Over the past 30 months, the Dow has fallen by 20 percent, the S&P is down about 33 percent, while the NASDAQ has lost 70 percent over a similar period. Hopes for a sustained rally have been dashed by the September 11th atrocities and the crisis of confidence that has gripped investors since Enron. Were the collapse an isolated incident, the fallout would have been bad enough, but it is now clear that many of Enron’s most vilified practices were commonplace in the energy and telecommunications businesses.

While there is no question that such actions defrauded investors and led to billions in losses for JPMorgan and Citigroup, among others, the extent to which reporters have blamed the average investor’s misfortune on off-balance sheet entities, bogus “round-trip” trades, and debt leveraging is laughable. If anything, the meltdown in energy and telecom should reveal just how delusional efforts to “level the playing field” between Wall Street institutions and the average investor really are.

The average man on the street has no idea how to value credit derivatives, cable subscribers, and trading volumes correctly, no matter how factual and comprehensive the information. After all, the credit rating agencies Standard and Poor’s and Moody’s were not only responsible for issuing ratings for Enron, but also for the hidden off-balance sheet ventures that started the company’s downward spiral in the first place. And even with this information, these highly skilled, independent credit analysts did not even drop Enron’s bonds below investment grade until the company was already doomed.

Investors will always be dependent on the advice and judgment of financial professionals, the integrity of corporate executives, and the scruples of accountants; to pretend otherwise is naïve or malicious. Yet such dependence must be based on trust, and the events of the past seven months should make even the most gullible among us circumspect.

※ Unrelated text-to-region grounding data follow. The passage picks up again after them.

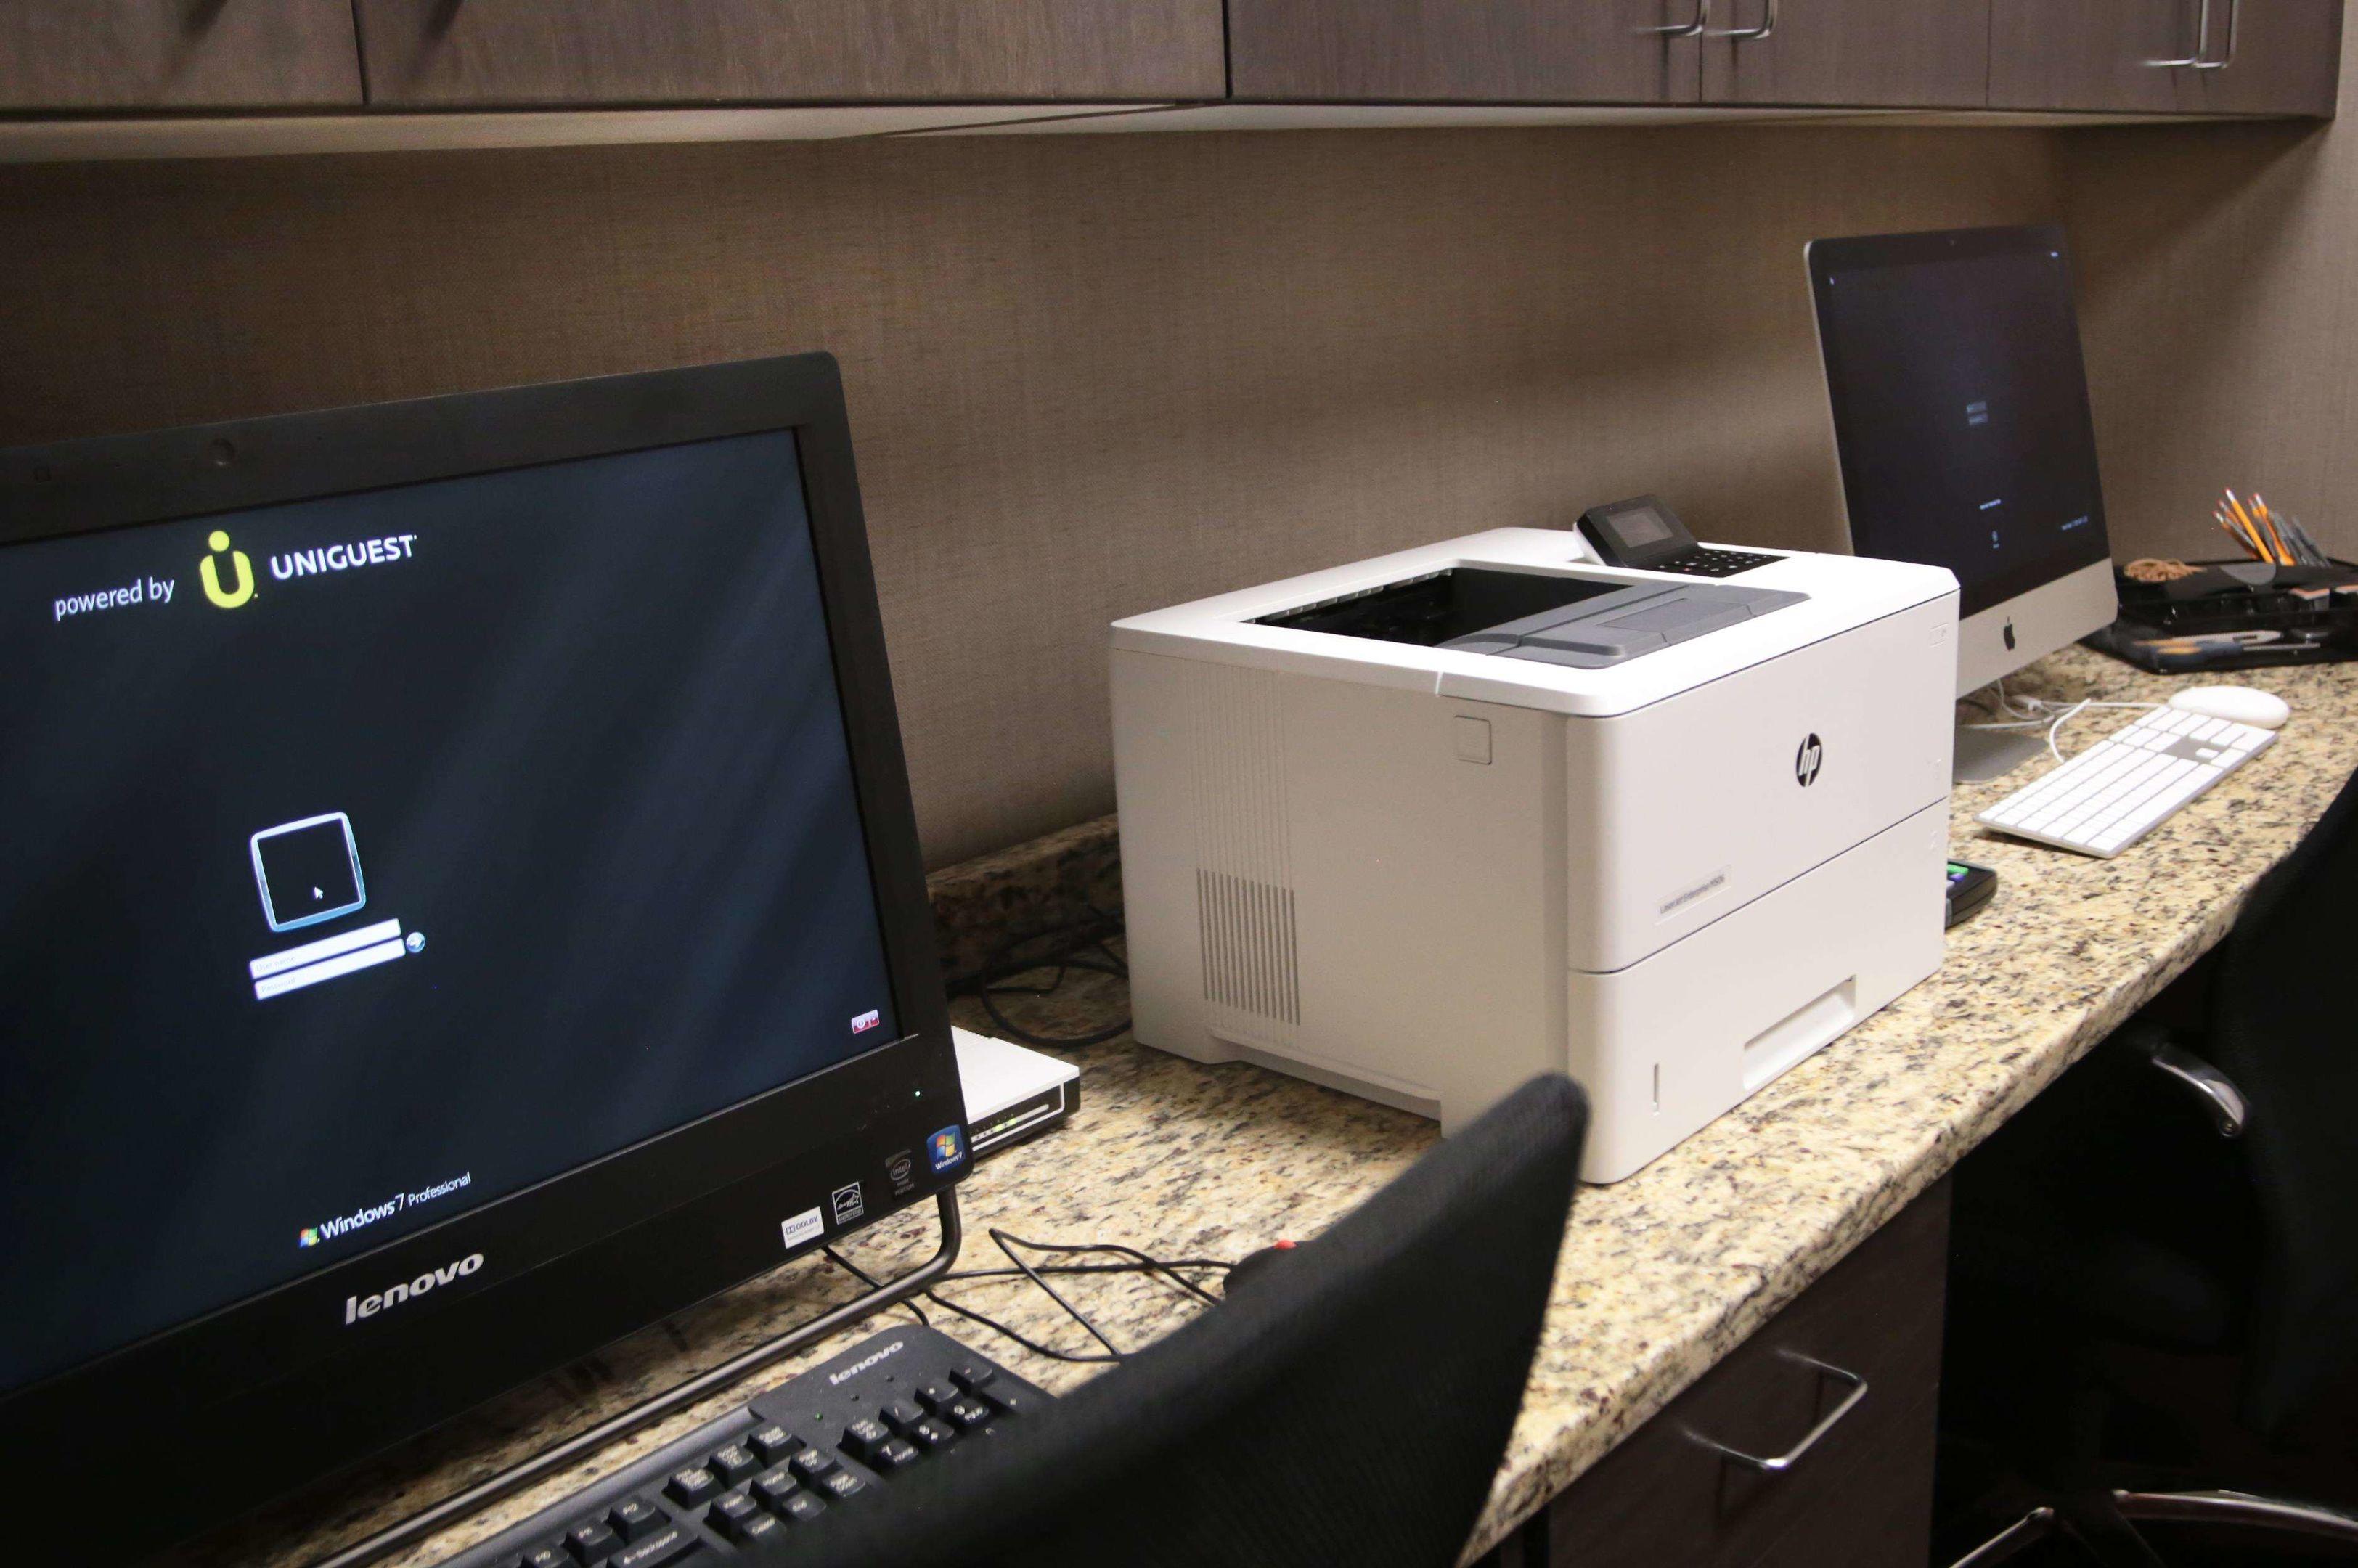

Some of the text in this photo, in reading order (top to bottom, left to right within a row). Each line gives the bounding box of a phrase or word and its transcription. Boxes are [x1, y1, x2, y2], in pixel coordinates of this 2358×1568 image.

[270, 534, 416, 580] UNIGUEST
[54, 576, 175, 621] powered by
[320, 1171, 472, 1241] Windows 7 Professional
[346, 1253, 484, 1325] lenovo
[829, 1341, 904, 1385] lenovo

But investor trepidation should be viewed less as a symptom of the malaise in corporate ethics than its cure. No one should expect investors to jump back into the market until financial institutions and their corporate patrons reform sufficiently. And nothing has brought about these changes faster than investors, who have punished companies that have failed to reform their audit boards or continue to obfuscate earnings. Even the Big Board itself, the New York Stock Exchange, is demanding dramatic reforms from its listed companies that would transform corporate governance and reaffirm the supervisory role of independent directors.

But, in the end, none of this will matter much if corporations continue to find it difficult to raise capital and near-retirees continue to see their portfolios stagnate. Politicians will be eager to “do something” to cater to both constituencies. That “something” will likely be legislation to create a veneer of reform to cultivate faith in financial institutions. But, as U.S. Comptroller General David Walker said in testimony to Congress, “In the end, no matter what system exists, bad actors will do bad things with bad results.”

Trust is something that cannot be legislated. But in an election year that will be the last under the incumbent campaign finance rules, and possibly the first that will see equities experience a third consecutive year of decline, Congress will try to do the impossible. Hopefully its action will not undo the real reforms already well underway.